- **Task objective**
Please reproduce the entries below exactly as they stand, but leave the pictures out.

Free-text object descriptions
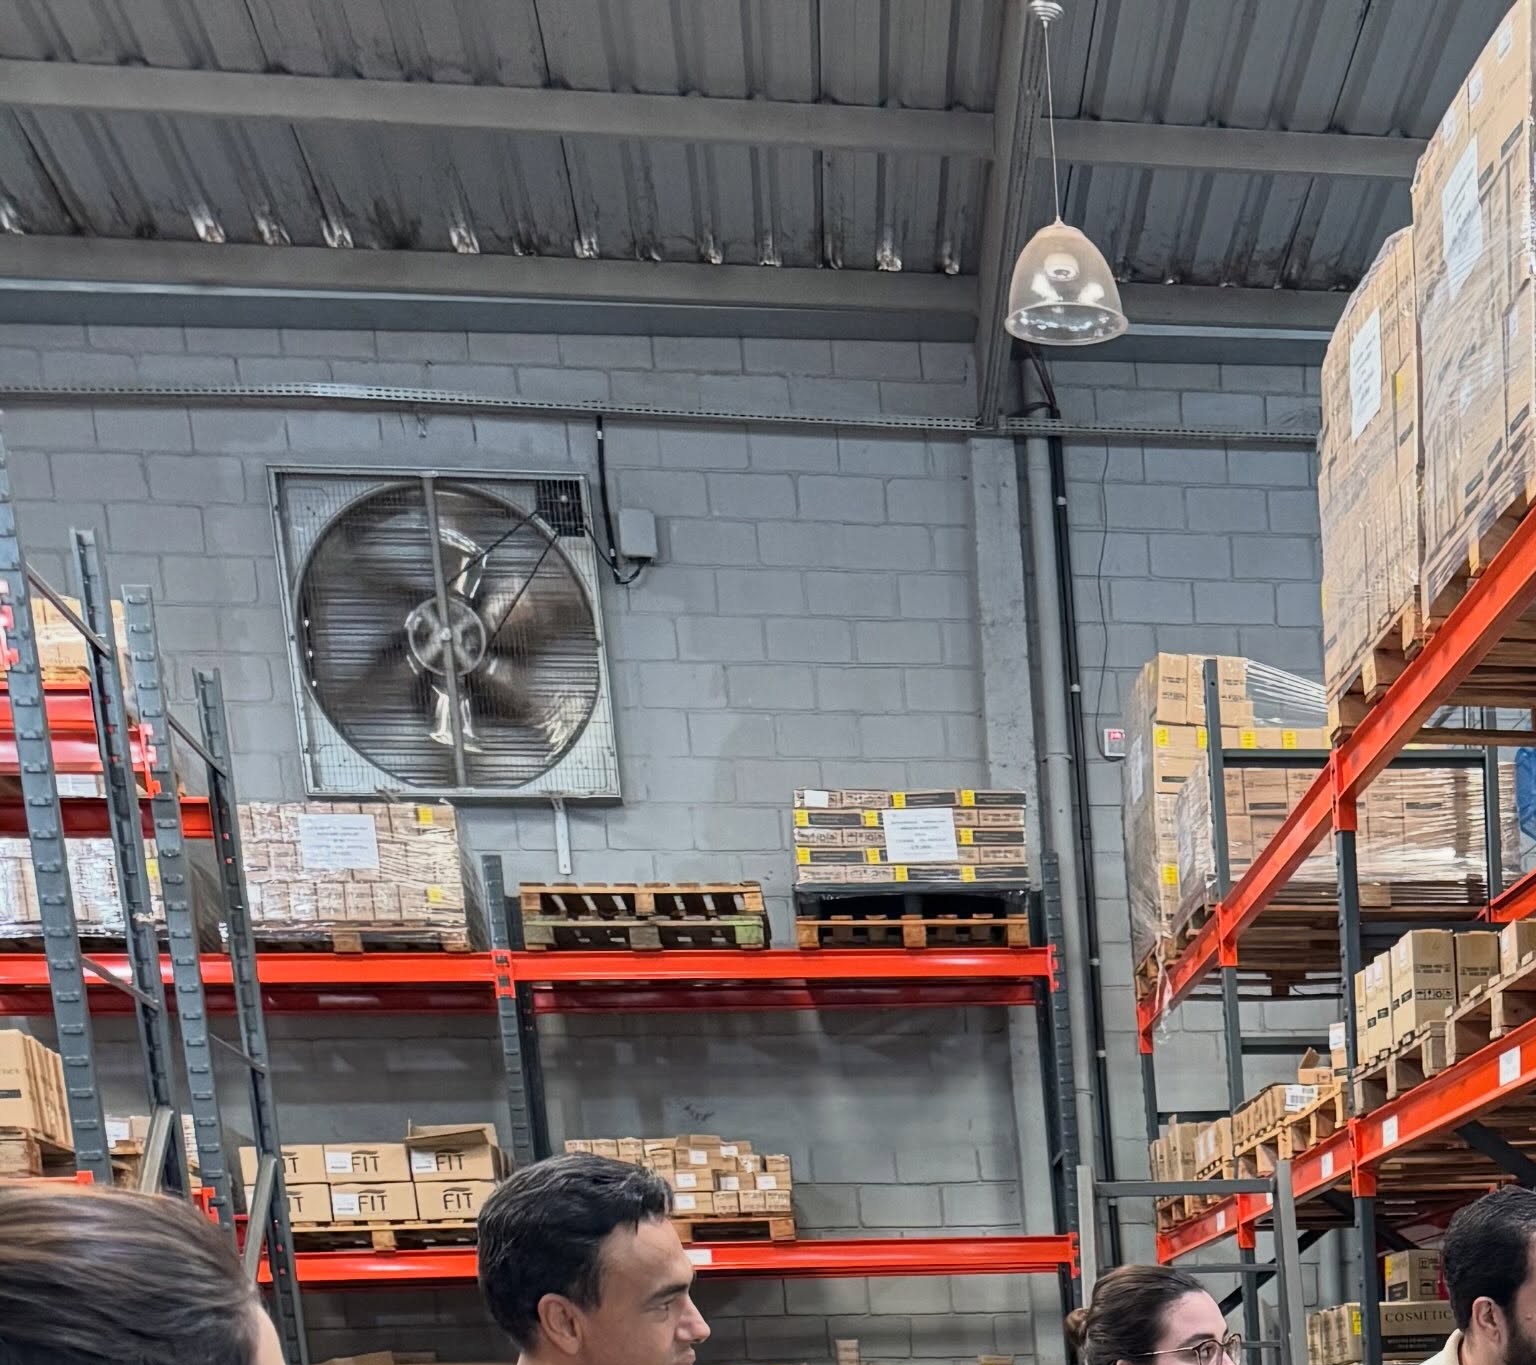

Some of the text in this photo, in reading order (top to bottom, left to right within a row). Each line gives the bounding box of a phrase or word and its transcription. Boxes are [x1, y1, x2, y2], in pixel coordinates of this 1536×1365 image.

[352, 1153, 380, 1172] FIT
[436, 1152, 464, 1171] FIT
[358, 1191, 387, 1211] FIT
[444, 1189, 473, 1210] FIT

- **Answer box**
Some of the text in this photo, in reading order (top to bottom, left to right within a row). Each line gives the bounding box of a phrase or word and its transcription. Boxes are [x1, y1, x2, y2], in pixel coordinates of this 1536×1365 image.

[352, 1153, 380, 1172] FIT
[436, 1152, 464, 1171] FIT
[358, 1191, 387, 1211] FIT
[444, 1189, 473, 1210] FIT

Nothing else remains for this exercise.